DENET's input : 1 sequence of 10 frames of 50ms audio (thus 500ms sequences). Per-frame labels. SincNet's input : 1 chunk of 200ms, 10ms overlap, 128 batch size. Labels are for each wav file, a single label, which is a bit strange.
Annotations
Realized that the annotations were a bit... Strange?
In the FileInfo.csv
file, each call's start sample and end sample is labeled. For example, for the following recording (visualized using sonic Visualiser), 2 calls are visible, the label is the following:
File name | Voice start sample (1) | Voice end sample (1) | Voice start sample (2) | Voice end sample (2) |
---|---|---|---|---|
120601011047196133.WAV | 47553 | 95094 | 298537 | 349426 |
But in the annotation.csv
, the corresponding labels are the following:
FileID | Context | Start sample | End sample |
---|---|---|---|
30 | 1 | 298537 | 607056 |
Not only is a single call labeled, but the tail of it is also marked as context = 1
. This makes it a bit strange. Though we can actually see that there is some noise/signal at the end of the recording, which annotation should we trust.

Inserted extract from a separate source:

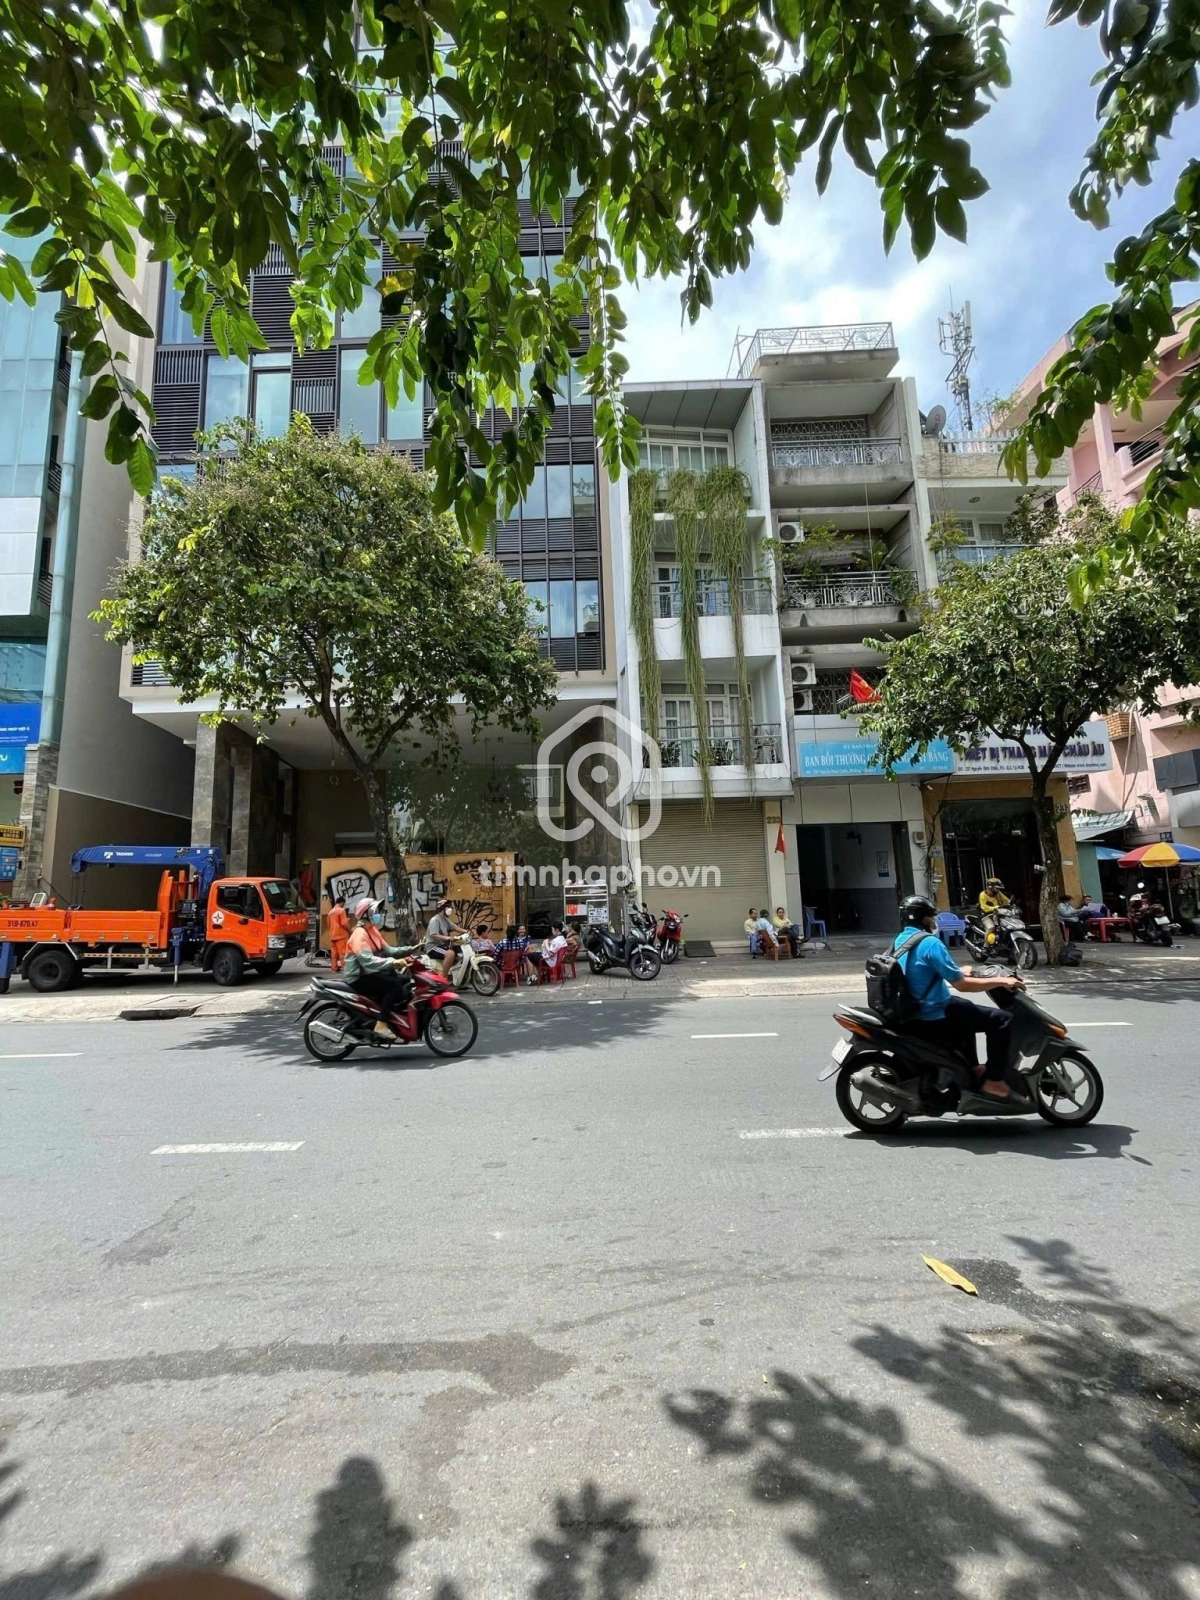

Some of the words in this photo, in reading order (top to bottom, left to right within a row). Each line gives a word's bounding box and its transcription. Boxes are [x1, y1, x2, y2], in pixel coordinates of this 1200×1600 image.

[805, 755, 819, 767] BAN
[820, 750, 834, 766] BỒI
[834, 752, 866, 766] THƯỜNG
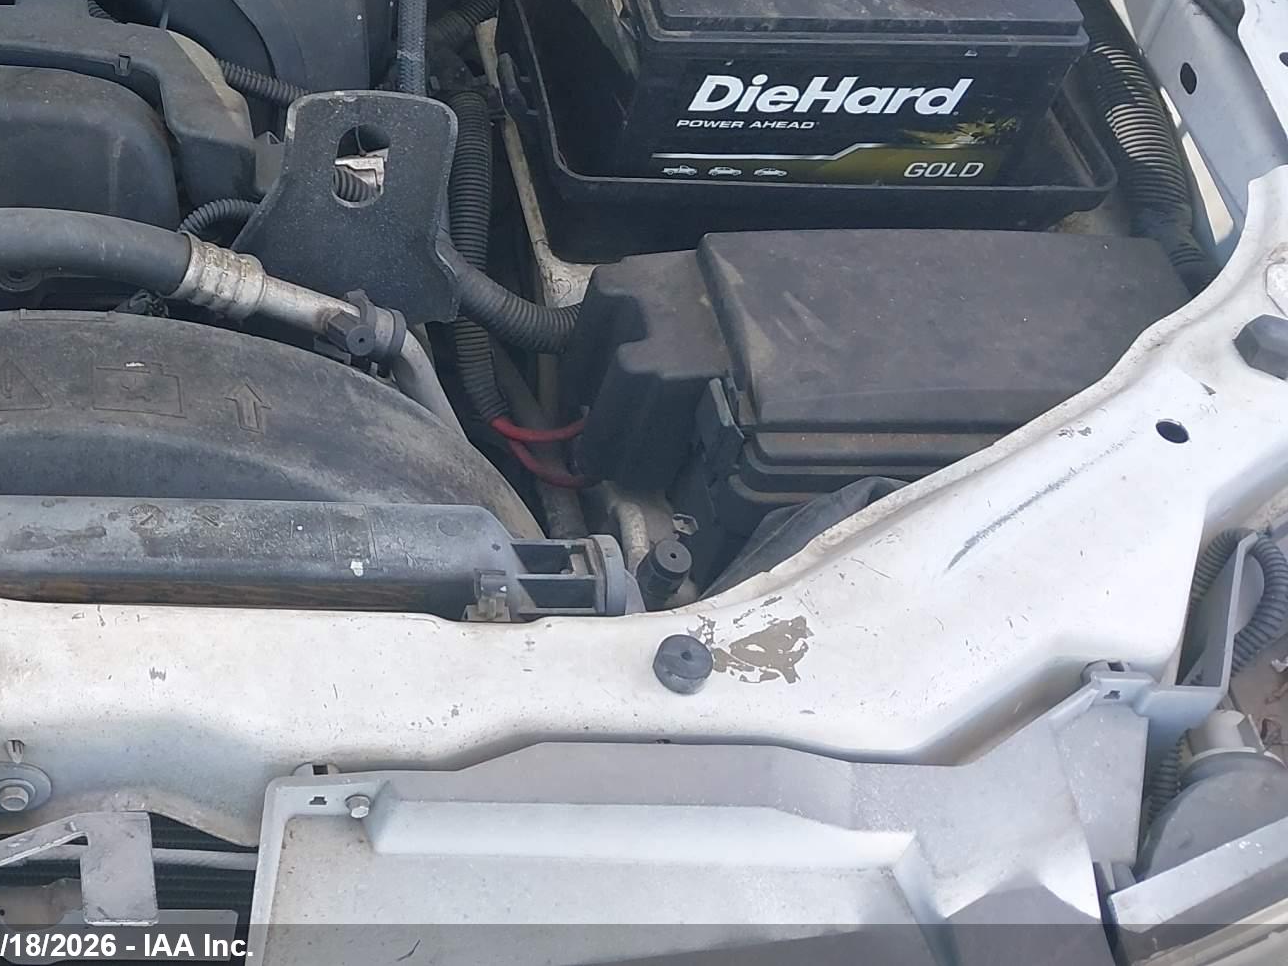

I decided to merge the to files, ignoring the files without labels. This allows for a subsampling of the already huge dataset.
Dataloader
This has a huge impact on the way I will chose to label the data from a given random begin and end sample. I don't have a lot of options.
- Use call annotations, without processing it. That's the simplest solution but not very intelligent. Though given that the GRU uses previous samples, it should be able to automatically know tht this or this is not a call anymore (tail of a call).
- Look into unsupervised learning, wince some of the calls are labeled, others are not. In this case I should use the per-label calls. Then, process them using the phoneme annotation to at least remove the silence parts. Since the GRU uses previous samples, I guess it makes sense to say "this is still part of the audio event" and process it as a whole.
Solution : Will simply process the labels beforehand. Dataloader will load the random sample's label. I should also subsample the dataset to keep mostly calls that have a class or emitter label. This will both reduce the database size and allow for easier data augmentation (adding other animals)
One thing that can be said is that bat calls (and here I don't mean phonemes I mean fully "calls") can be easily grouped together based on the separation. YOLOR's results give phonemes, but we can simply infer the actual call. This is not very accurate, but can work.
In process :
- Given the previous section, I will write a data-processing function in
/utils
which will write the.csv
label file to the/assets
repository. Then, labels are given to a random audio sequence based on its position. If it is between the miniumstart_sample
and maximumend_sample
I gave it a the label1
for now, which is that of a bat call. Giving the context or emitter label is straightforward but need to be done
@TODO
Visualization
I create scripts to add the visualization of the detection on validation data at val time. Again, since the input of the network is 200ms (or more) I can't feed it with the full audio can I?
If i can't, I need to write a script to process the full audio, and give individual labels.
More ideas:
- Add FF call to background sounds and use it as training. Hashizume's FF already have Background noises.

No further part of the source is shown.